When Gordon came down quickly with a fever and tested positive for the SARS virus, the entire team at the Communicable Disease Division went into shock. He was the first case of a comrade crossing the line to join the casualties. Gordon struggled for three weeks before he succumbed to the virus. Tan Ai Ling told Gimme Lao that Shemin was in terrible shape. She would break down midway through her rounds and sobbed horribly into the N95 mask she was wearing. Someone would have to relieve her duty so that she might rush off to the toilet to remove her mask and wash up. The poor girl was putting herself in danger.
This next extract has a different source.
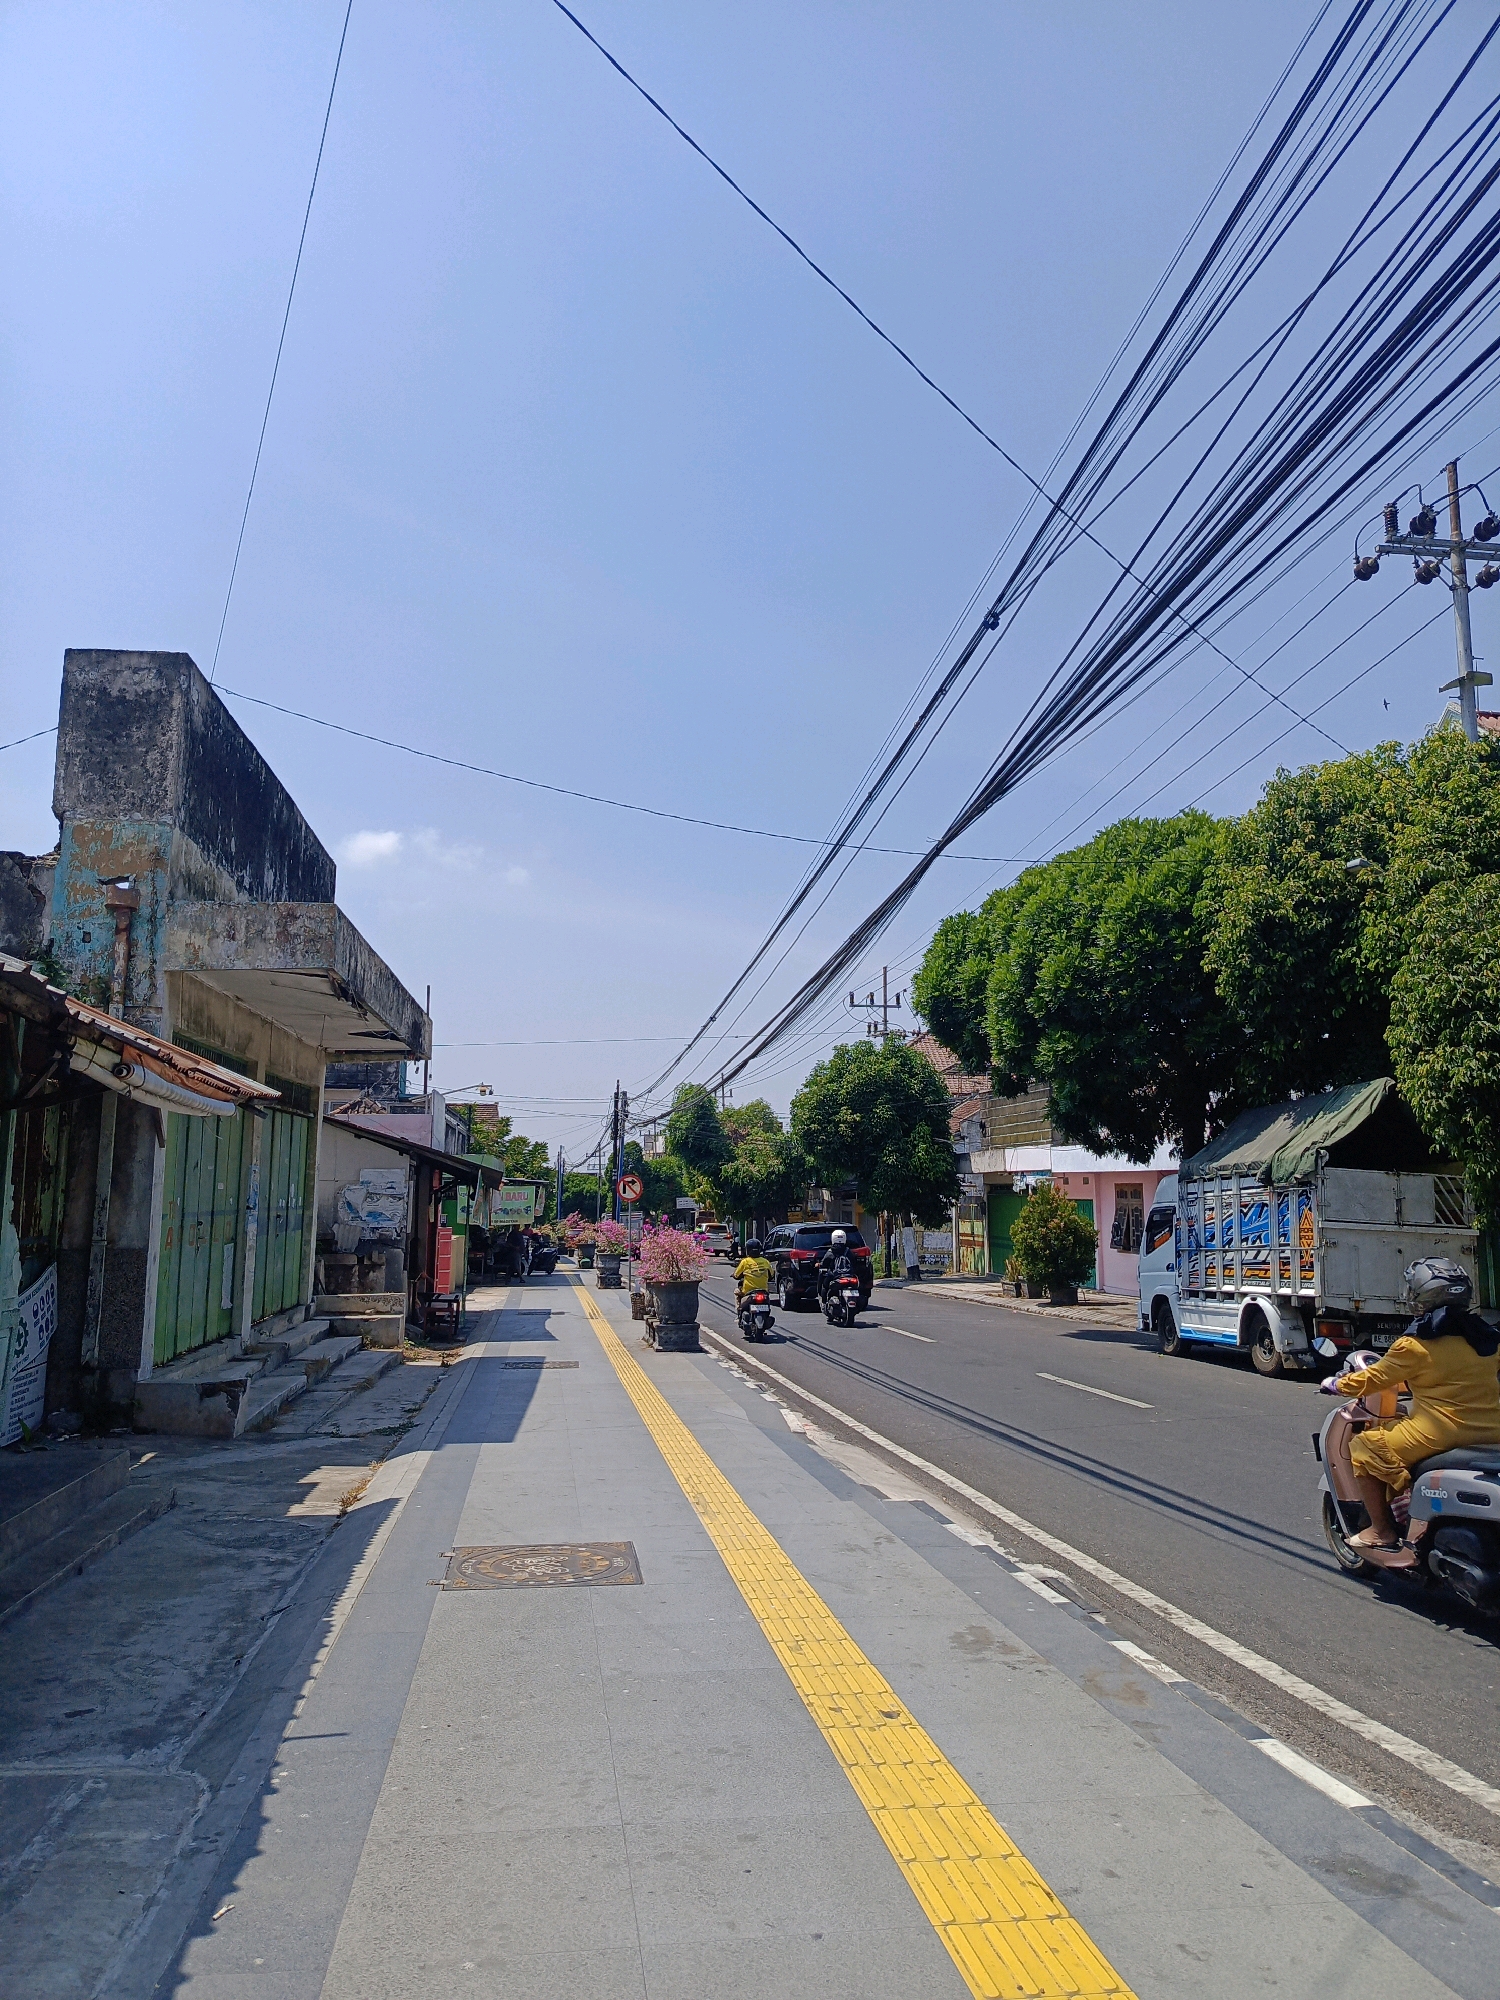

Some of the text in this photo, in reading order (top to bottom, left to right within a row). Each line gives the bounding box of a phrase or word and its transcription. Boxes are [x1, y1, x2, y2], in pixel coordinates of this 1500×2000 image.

As Gimme Lao was one of the key personnel on the battleground, he was allotted a single room to rest so as to minimise the chances of infection. Tan Ai Ling joined him whenever her rest hours coincided with his. They locked the door, drew the curtains and huddled closely on the single bed. These were stolen hours of freedom the two treasured. Once, Tan Ai Ling started to weep softly. When Gimme Lao drew her close and kissed her tenderly on her forehead, she whispered that she was crying because she felt happy. If she did not survive the SARS epidemic, at least she had experienced romance and the touch of a man. She would be really bitter if her life had ended before that happened.
Gimme Lao was touched. He did not understand how he could have made such a difference in someone’s life. But he was deeply pleased to learn that there was one person to whom he represented the precious chance to love and be loved in return.
The two discussed and agreed that it would be too risky to keep meeting at Hotel 81. Tan Ai Ling would persuade her cousin to let them rent a room above his hair salon. Gimme Lao would pay the rent. It was to be their very own place.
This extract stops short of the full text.